Hawaii lawmakers have just passed a ban on the sale and distribution of sunscreen containing chemicals that are toxic to coral reefs.
The ban specifically targets oxybenzone and octinoxate, two chemicals that are found in common sunscreens. According to a 2015 study, the ingredients cause coral DNA to mutate while its still in its larval stage, which prevents it from growing properly and makes it more susceptible to bleaching.
If Gov. David Ige (D) approves the legislation as expected, it would make Hawaii the first American state – and the first region in the world – to ban the ingredients.
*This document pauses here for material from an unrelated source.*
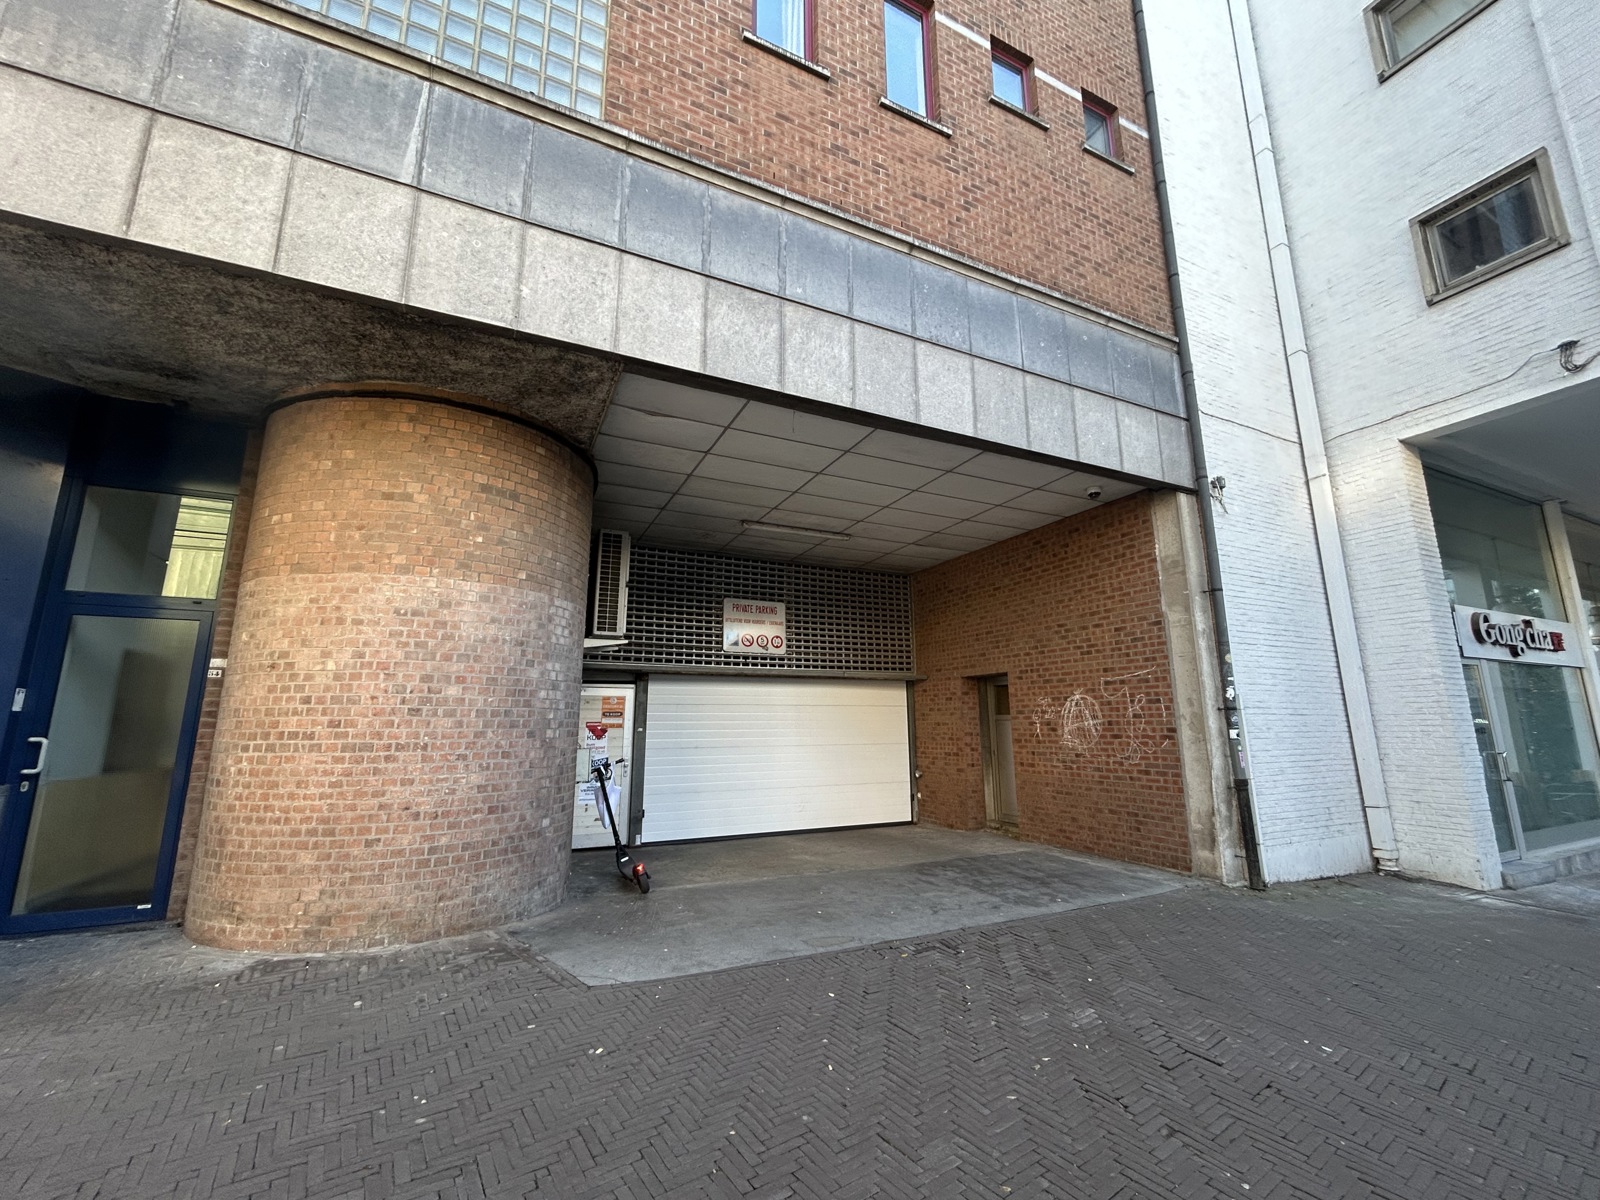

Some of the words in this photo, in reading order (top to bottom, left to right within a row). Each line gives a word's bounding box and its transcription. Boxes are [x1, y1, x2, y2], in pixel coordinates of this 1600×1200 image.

“Amazingly, this is a first-in-the-world law,” said Sen. Mike Gabbard (D) told the Honolulu Star-Advertiser in an e-mail. “So, Hawaii is definitely on the cutting edge by banning these dangerous chemicals in sunscreens.
“When you think about it, our island paradise, surrounded by coral reefs, is the perfect place to set the gold standard for the world to follow. This will make a huge difference in protecting our coral reefs, marine life, and human health.”
Some experts oppose the ban because they believe it will lead to more people neglecting sunscreen altogether, which could lead to skin cancer. The ban, however, does not affect sunscreen that is brought into the state by tourists, nor does it apply to prescription sunscreens.
Additionally, non-toxic sunscreens are currently readily available for purchase in the state.